Aim of the task ::
Write out only the tail of the records, beginning at the line containing "this 1333×1125 image." and including the last line, exactly as written.

Task data ::

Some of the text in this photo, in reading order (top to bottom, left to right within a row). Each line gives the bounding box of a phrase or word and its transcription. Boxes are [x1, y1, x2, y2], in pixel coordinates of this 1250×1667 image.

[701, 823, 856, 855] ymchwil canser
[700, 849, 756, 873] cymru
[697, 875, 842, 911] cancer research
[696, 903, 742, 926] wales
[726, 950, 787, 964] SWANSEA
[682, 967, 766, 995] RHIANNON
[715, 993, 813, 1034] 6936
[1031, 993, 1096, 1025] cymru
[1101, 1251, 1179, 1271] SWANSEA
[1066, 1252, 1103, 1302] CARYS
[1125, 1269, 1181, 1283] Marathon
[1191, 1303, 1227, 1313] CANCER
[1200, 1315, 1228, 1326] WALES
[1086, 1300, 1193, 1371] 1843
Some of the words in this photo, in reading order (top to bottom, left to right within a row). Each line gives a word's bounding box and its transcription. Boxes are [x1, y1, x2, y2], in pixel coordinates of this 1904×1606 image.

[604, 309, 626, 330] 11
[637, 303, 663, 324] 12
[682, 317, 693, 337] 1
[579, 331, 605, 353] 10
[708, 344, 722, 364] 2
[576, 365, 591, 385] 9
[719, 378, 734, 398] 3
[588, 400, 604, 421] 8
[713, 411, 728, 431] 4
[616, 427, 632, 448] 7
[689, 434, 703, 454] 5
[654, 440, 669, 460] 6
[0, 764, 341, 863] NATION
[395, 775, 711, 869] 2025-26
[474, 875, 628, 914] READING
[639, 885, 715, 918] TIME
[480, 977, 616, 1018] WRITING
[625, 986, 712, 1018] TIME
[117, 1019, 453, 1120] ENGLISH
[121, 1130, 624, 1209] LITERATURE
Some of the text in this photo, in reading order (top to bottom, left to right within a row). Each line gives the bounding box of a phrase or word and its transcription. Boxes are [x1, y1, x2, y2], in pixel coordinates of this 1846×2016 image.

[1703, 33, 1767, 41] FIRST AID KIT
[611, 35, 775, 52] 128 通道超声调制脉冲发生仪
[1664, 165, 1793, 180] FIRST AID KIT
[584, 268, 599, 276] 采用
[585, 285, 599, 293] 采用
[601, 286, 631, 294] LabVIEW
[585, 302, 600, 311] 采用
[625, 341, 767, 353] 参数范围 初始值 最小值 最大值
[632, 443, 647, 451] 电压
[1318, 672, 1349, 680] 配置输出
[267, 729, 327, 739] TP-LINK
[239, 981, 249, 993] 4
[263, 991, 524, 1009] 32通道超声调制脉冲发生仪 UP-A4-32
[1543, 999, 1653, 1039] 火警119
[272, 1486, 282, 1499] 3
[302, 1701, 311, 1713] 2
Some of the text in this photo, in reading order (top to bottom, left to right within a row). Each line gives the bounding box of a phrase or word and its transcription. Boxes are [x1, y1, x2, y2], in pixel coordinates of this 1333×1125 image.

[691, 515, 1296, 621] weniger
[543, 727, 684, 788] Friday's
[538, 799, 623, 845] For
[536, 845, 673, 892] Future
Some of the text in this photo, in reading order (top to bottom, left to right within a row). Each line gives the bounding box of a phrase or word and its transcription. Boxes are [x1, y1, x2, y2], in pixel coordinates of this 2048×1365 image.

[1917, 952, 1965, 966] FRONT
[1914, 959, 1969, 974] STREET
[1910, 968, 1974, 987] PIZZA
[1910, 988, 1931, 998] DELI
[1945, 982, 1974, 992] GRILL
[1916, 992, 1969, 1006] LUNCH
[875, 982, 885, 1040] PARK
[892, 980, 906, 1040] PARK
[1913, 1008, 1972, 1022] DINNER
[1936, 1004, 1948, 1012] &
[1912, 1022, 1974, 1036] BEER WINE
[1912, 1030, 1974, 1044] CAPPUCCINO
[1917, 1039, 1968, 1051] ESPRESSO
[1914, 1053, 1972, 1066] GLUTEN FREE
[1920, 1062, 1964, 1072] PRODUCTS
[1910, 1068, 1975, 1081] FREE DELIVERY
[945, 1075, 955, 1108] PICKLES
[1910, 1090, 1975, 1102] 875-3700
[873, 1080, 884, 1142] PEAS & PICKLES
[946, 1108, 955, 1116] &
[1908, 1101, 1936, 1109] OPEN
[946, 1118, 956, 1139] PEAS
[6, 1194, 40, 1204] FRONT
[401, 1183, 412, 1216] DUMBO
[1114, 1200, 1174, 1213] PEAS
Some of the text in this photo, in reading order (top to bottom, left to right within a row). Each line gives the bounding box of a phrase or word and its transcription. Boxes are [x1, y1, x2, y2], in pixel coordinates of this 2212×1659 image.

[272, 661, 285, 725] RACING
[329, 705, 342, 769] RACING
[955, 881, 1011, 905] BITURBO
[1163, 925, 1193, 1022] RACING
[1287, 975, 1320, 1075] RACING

Completed task ::
Some of the text in this photo, in reading order (top to bottom, left to right within a row). Each line gives the bounding box of a phrase or word and its transcription. Boxes are [x1, y1, x2, y2], in pixel coordinates of this 1333×1125 image.

[691, 515, 1296, 621] weniger
[543, 727, 684, 788] Friday's
[538, 799, 623, 845] For
[536, 845, 673, 892] Future
Some of the text in this photo, in reading order (top to bottom, left to right within a row). Each line gives the bounding box of a phrase or word and its transcription. Boxes are [x1, y1, x2, y2], in pixel coordinates of this 2048×1365 image.

[1917, 952, 1965, 966] FRONT
[1914, 959, 1969, 974] STREET
[1910, 968, 1974, 987] PIZZA
[1910, 988, 1931, 998] DELI
[1945, 982, 1974, 992] GRILL
[1916, 992, 1969, 1006] LUNCH
[875, 982, 885, 1040] PARK
[892, 980, 906, 1040] PARK
[1913, 1008, 1972, 1022] DINNER
[1936, 1004, 1948, 1012] &
[1912, 1022, 1974, 1036] BEER WINE
[1912, 1030, 1974, 1044] CAPPUCCINO
[1917, 1039, 1968, 1051] ESPRESSO
[1914, 1053, 1972, 1066] GLUTEN FREE
[1920, 1062, 1964, 1072] PRODUCTS
[1910, 1068, 1975, 1081] FREE DELIVERY
[945, 1075, 955, 1108] PICKLES
[1910, 1090, 1975, 1102] 875-3700
[873, 1080, 884, 1142] PEAS & PICKLES
[946, 1108, 955, 1116] &
[1908, 1101, 1936, 1109] OPEN
[946, 1118, 956, 1139] PEAS
[6, 1194, 40, 1204] FRONT
[401, 1183, 412, 1216] DUMBO
[1114, 1200, 1174, 1213] PEAS
Some of the text in this photo, in reading order (top to bottom, left to right within a row). Each line gives the bounding box of a phrase or word and its transcription. Boxes are [x1, y1, x2, y2], in pixel coordinates of this 2212×1659 image.

[272, 661, 285, 725] RACING
[329, 705, 342, 769] RACING
[955, 881, 1011, 905] BITURBO
[1163, 925, 1193, 1022] RACING
[1287, 975, 1320, 1075] RACING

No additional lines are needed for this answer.